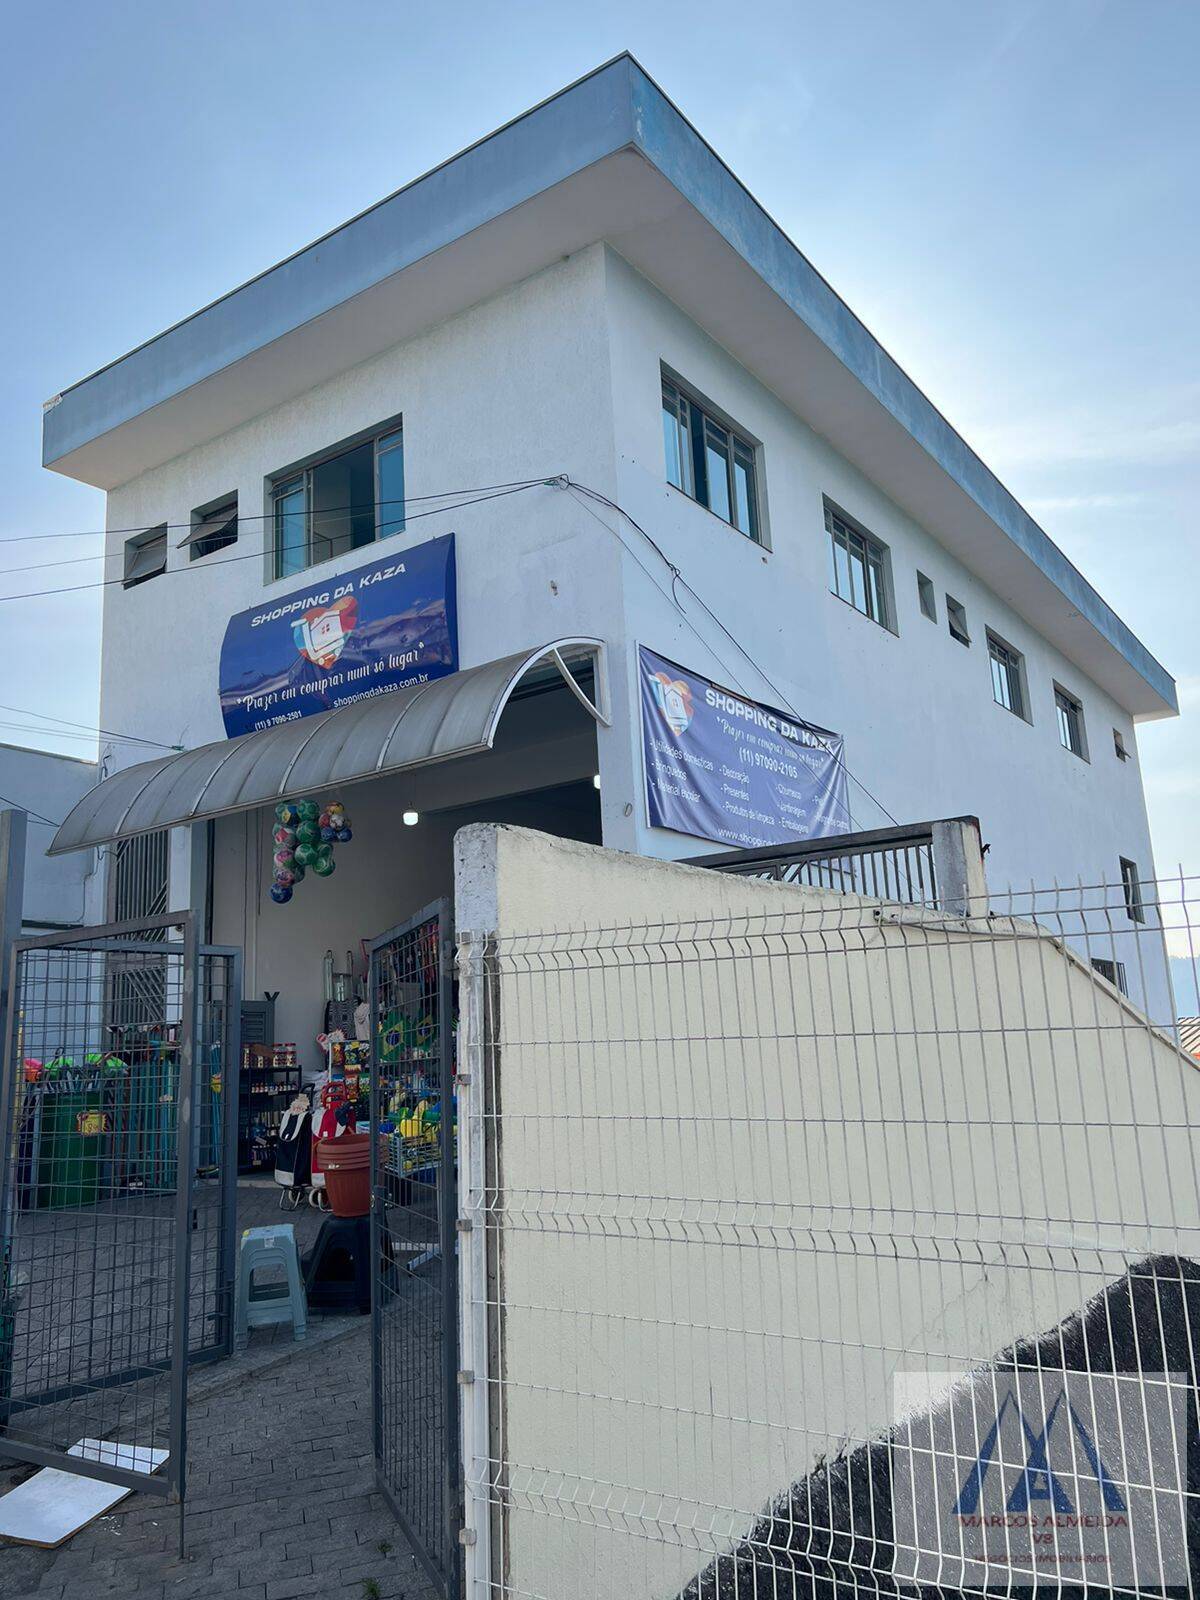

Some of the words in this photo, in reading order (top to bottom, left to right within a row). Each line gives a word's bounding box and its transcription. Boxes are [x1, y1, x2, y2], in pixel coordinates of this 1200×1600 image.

[251, 592, 330, 628] SHOPPING
[333, 582, 354, 600] DA
[359, 562, 407, 589] KAZA
[282, 686, 296, 701] em
[300, 673, 344, 702] comprar
[347, 665, 370, 684] num
[374, 656, 385, 673] só
[333, 672, 429, 708] shoppingdakaza.com.br
[254, 720, 267, 732] (11)
[704, 689, 777, 733] SHOPPING
[781, 721, 799, 741] DA
[801, 730, 834, 752] KAZA
[738, 747, 754, 767] (11)
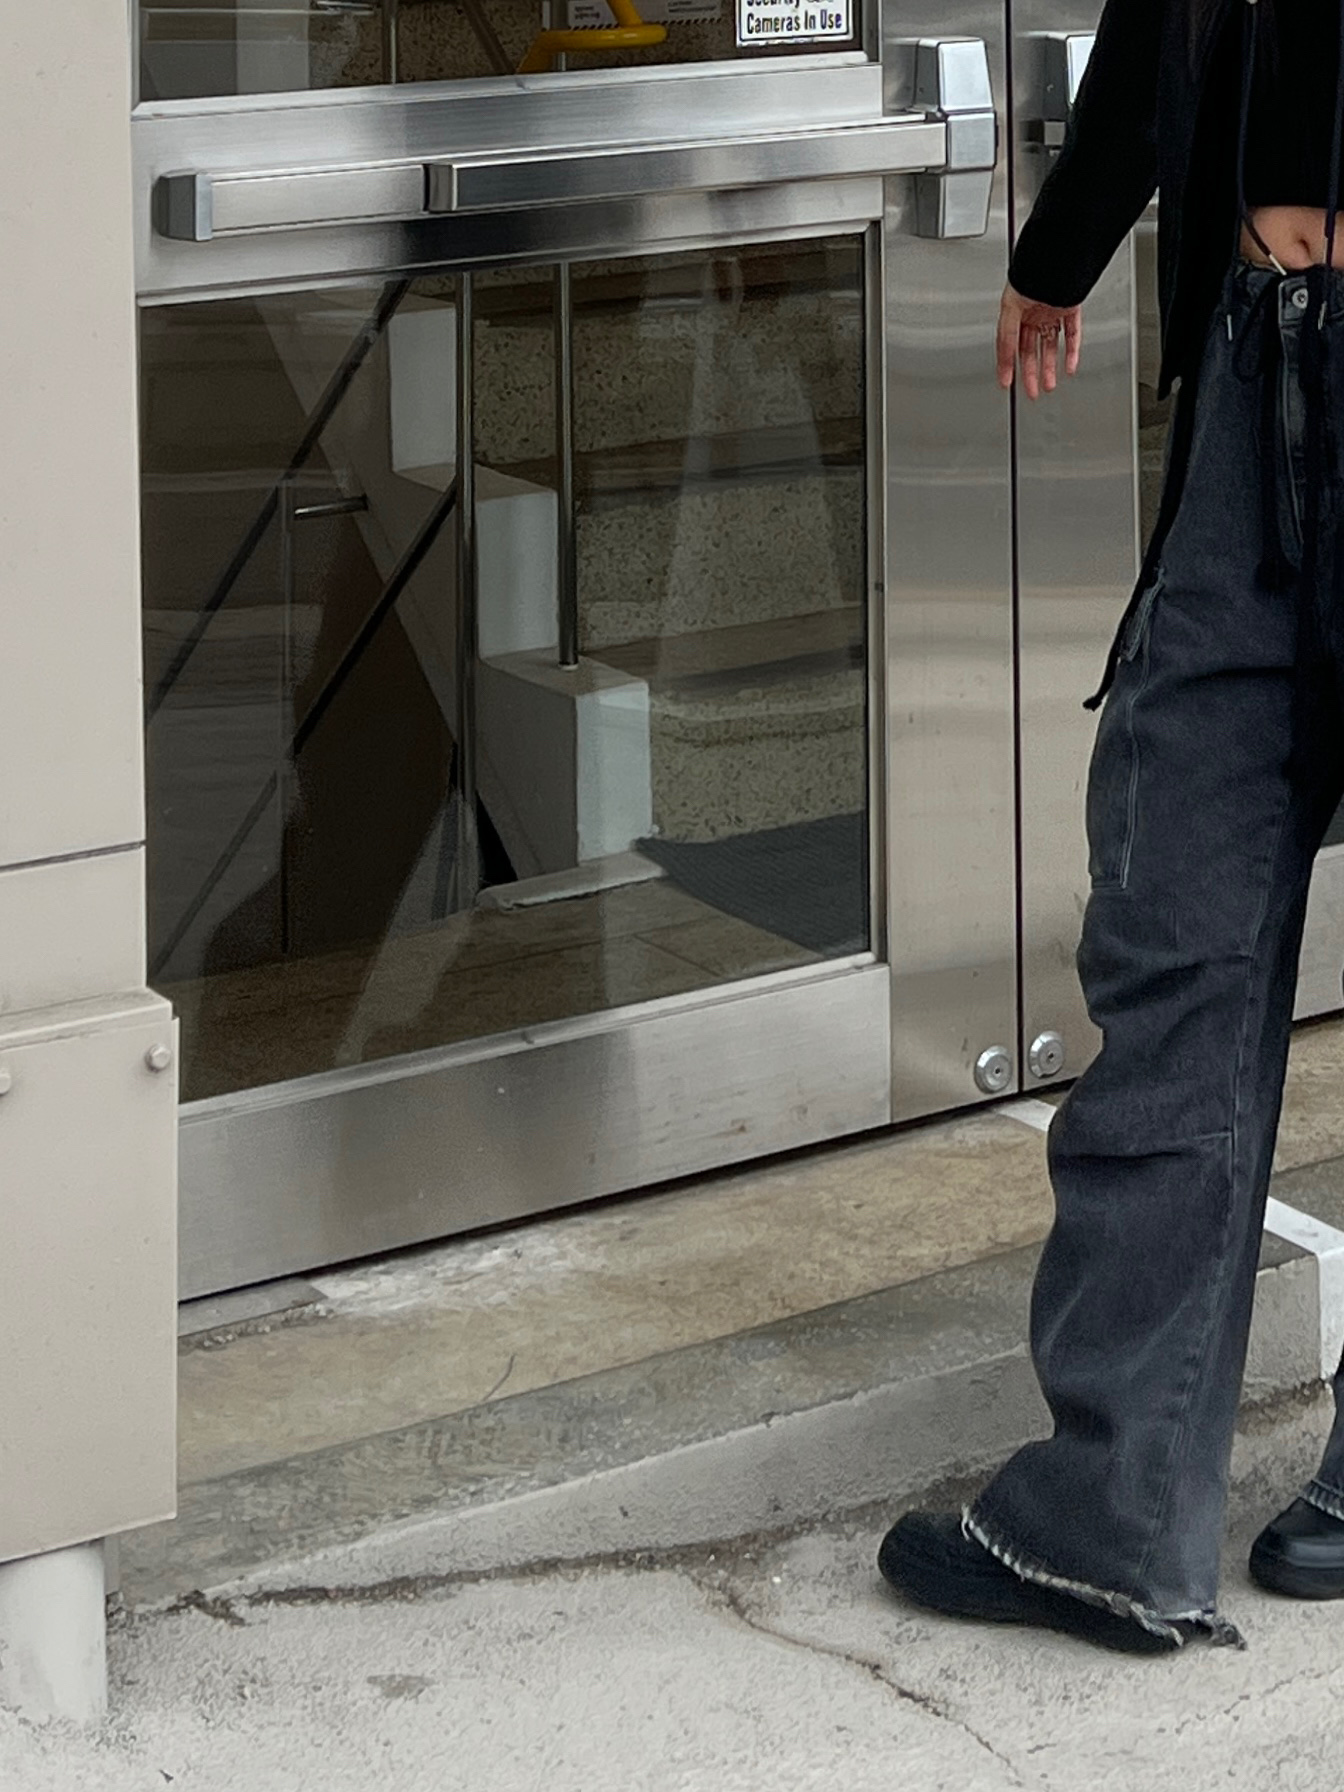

* [EXERCISE GOAL]
Print every line of the data exactly. Pictures do not belong in the copy.

* [FINAL ANSWER]
Some of the words in this photo, in reading order (top to bottom, left to right within a row). Each line gives a word's bounding box and its transcription. Boxes are [x1, y1, x2, y2], in pixel coordinates of this 1200×1600 image.

[251, 592, 330, 628] SHOPPING
[333, 582, 354, 600] DA
[359, 562, 407, 589] KAZA
[282, 686, 296, 701] em
[300, 673, 344, 702] comprar
[347, 665, 370, 684] num
[374, 656, 385, 673] só
[333, 672, 429, 708] shoppingdakaza.com.br
[254, 720, 267, 732] (11)
[704, 689, 777, 733] SHOPPING
[781, 721, 799, 741] DA
[801, 730, 834, 752] KAZA
[738, 747, 754, 767] (11)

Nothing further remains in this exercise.